§ Entries provided
[Start of section]

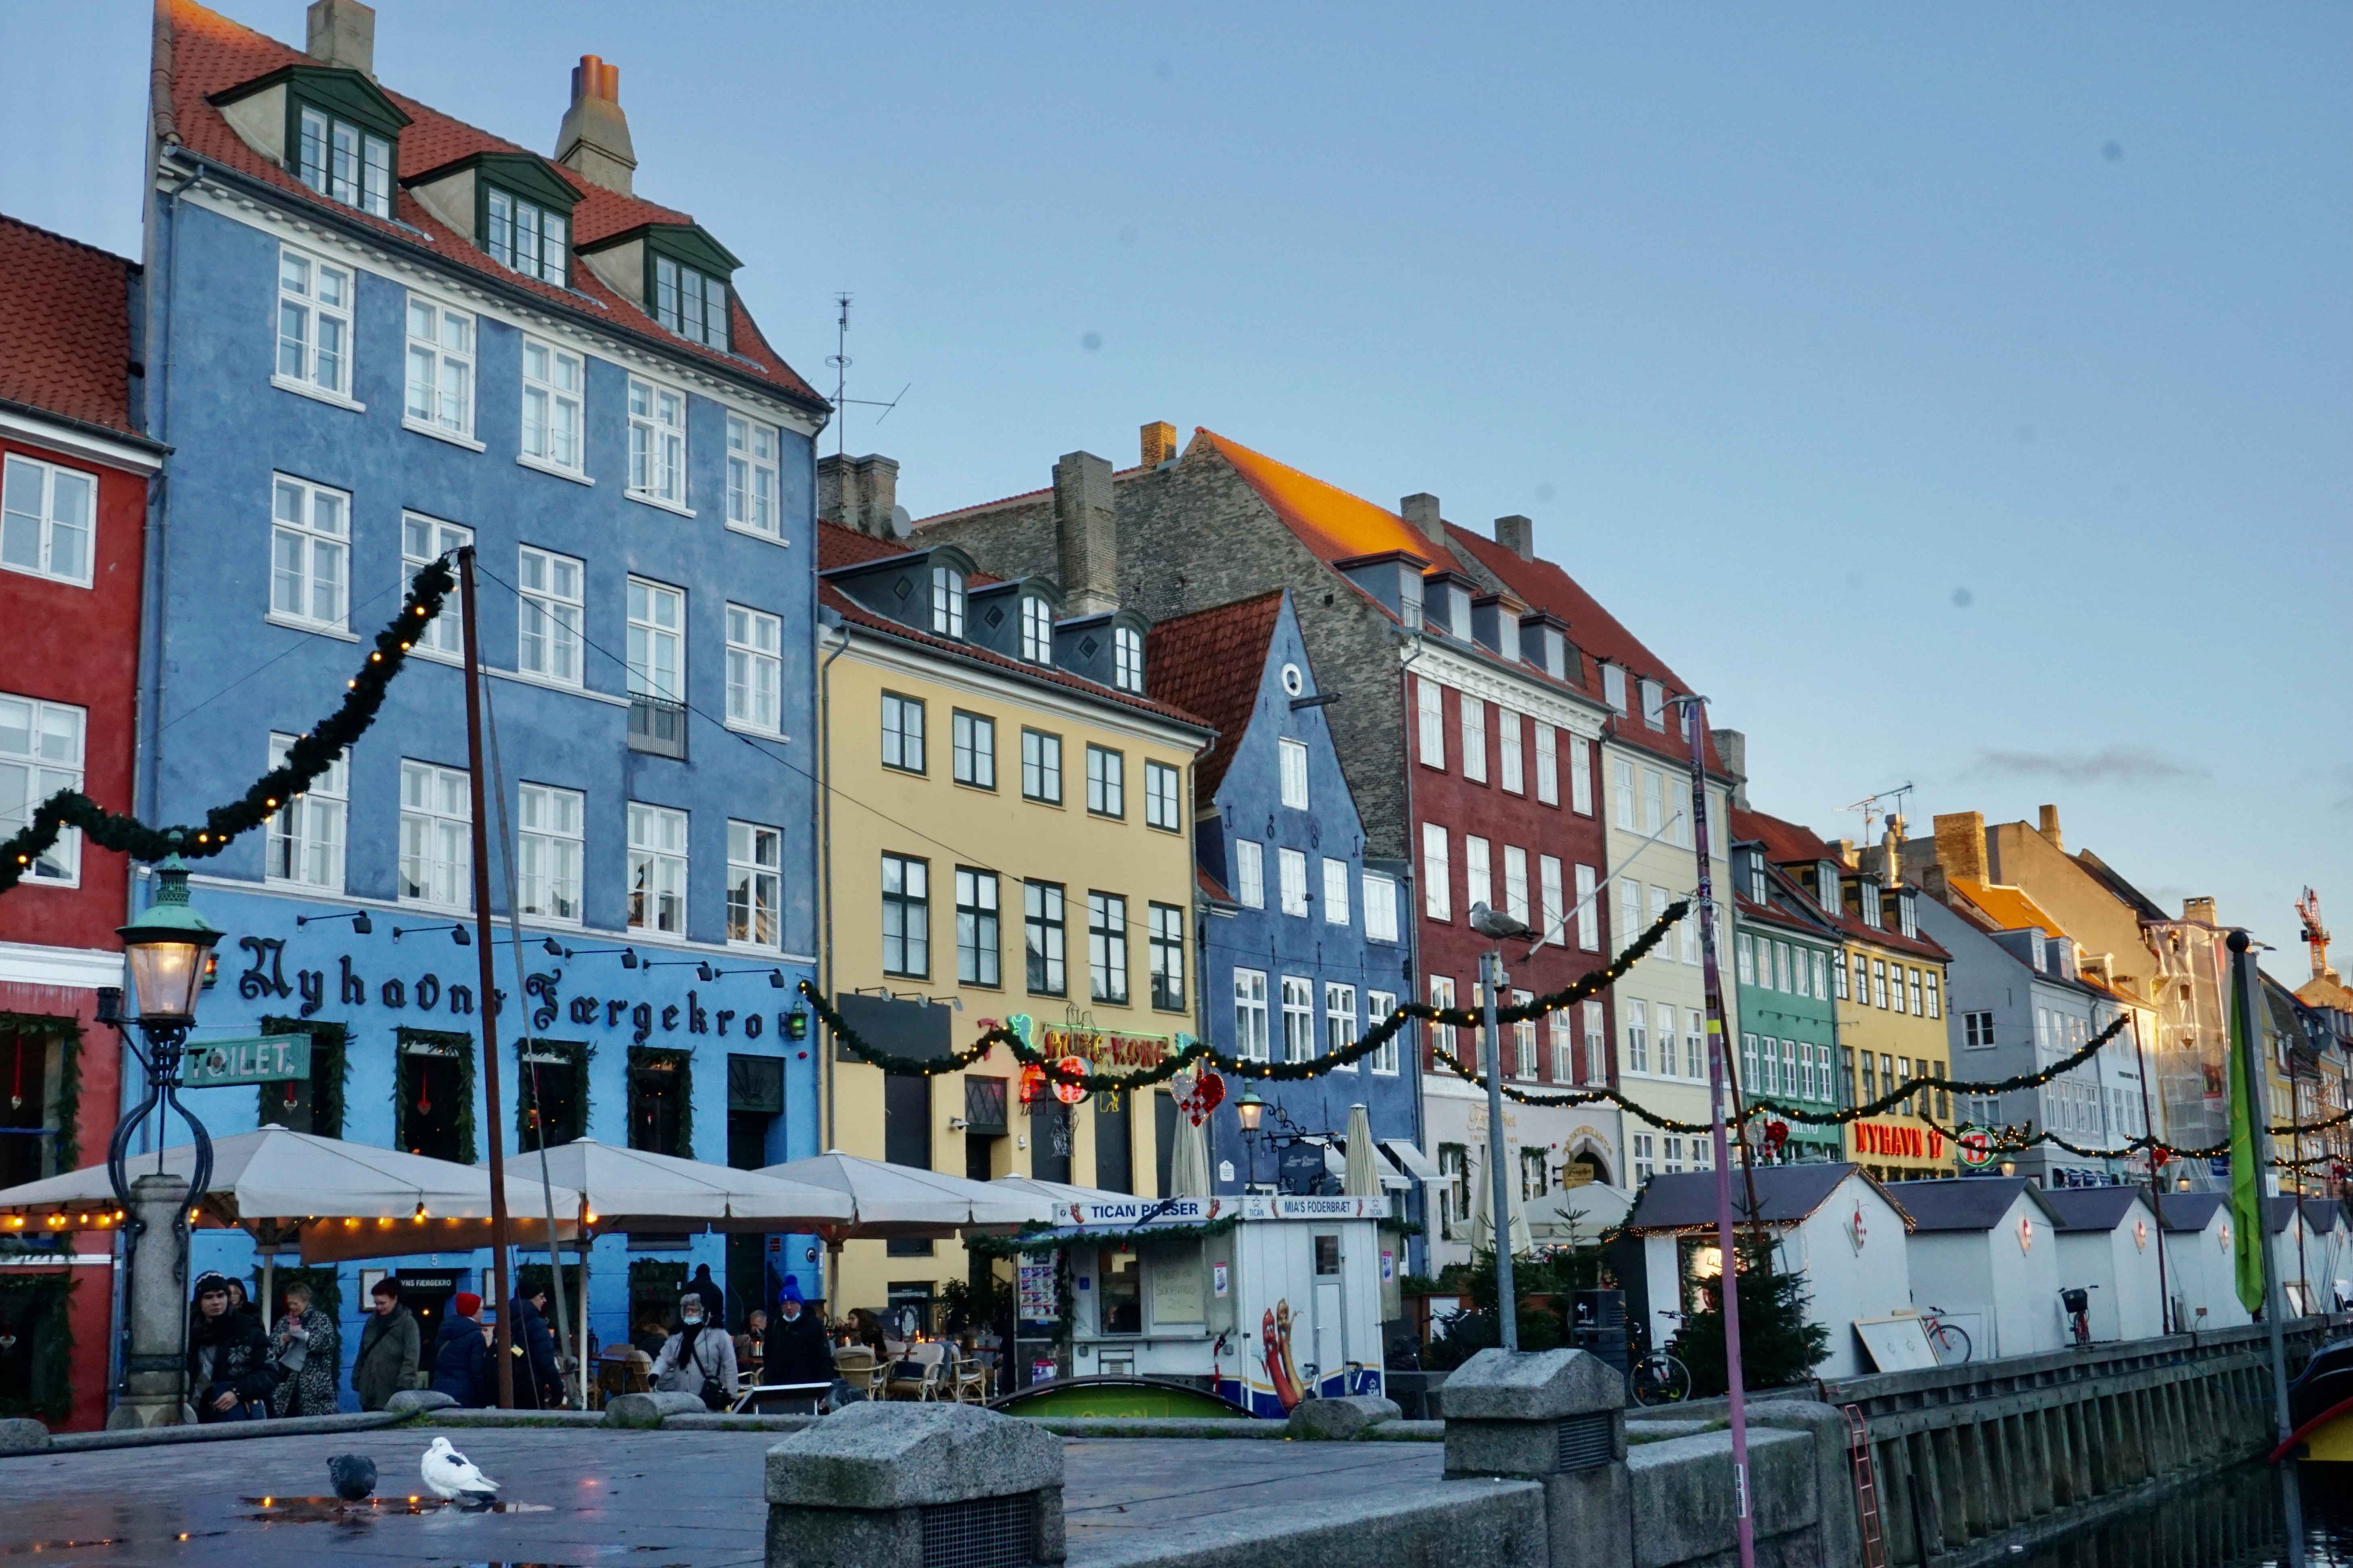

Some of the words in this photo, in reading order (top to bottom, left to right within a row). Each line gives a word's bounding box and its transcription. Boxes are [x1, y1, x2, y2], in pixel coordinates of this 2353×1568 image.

[526, 968, 763, 1044] Færgekro
[188, 1042, 290, 1079] TOILET
[1855, 1122, 1924, 1157] NYHAVN
[1927, 1130, 1944, 1158] 17
[1963, 1135, 1986, 1161] 17
[1092, 1204, 1136, 1218] TICAN
[1284, 1201, 1305, 1213] MIA'S
[1308, 1201, 1351, 1213] FODERBRÆT
[431, 1254, 438, 1266] 5
[416, 1279, 451, 1287] FÆRGEKRO

[End of section]

§ Task details
With the pictures left out, write out all of the data exactly.

§ The answer
Some of the words in this photo, in reading order (top to bottom, left to right within a row). Each line gives a word's bounding box and its transcription. Boxes are [x1, y1, x2, y2], in pixel coordinates of this 2353×1568 image.

[526, 968, 763, 1044] Færgekro
[188, 1042, 290, 1079] TOILET
[1855, 1122, 1924, 1157] NYHAVN
[1927, 1130, 1944, 1158] 17
[1963, 1135, 1986, 1161] 17
[1092, 1204, 1136, 1218] TICAN
[1284, 1201, 1305, 1213] MIA'S
[1308, 1201, 1351, 1213] FODERBRÆT
[431, 1254, 438, 1266] 5
[416, 1279, 451, 1287] FÆRGEKRO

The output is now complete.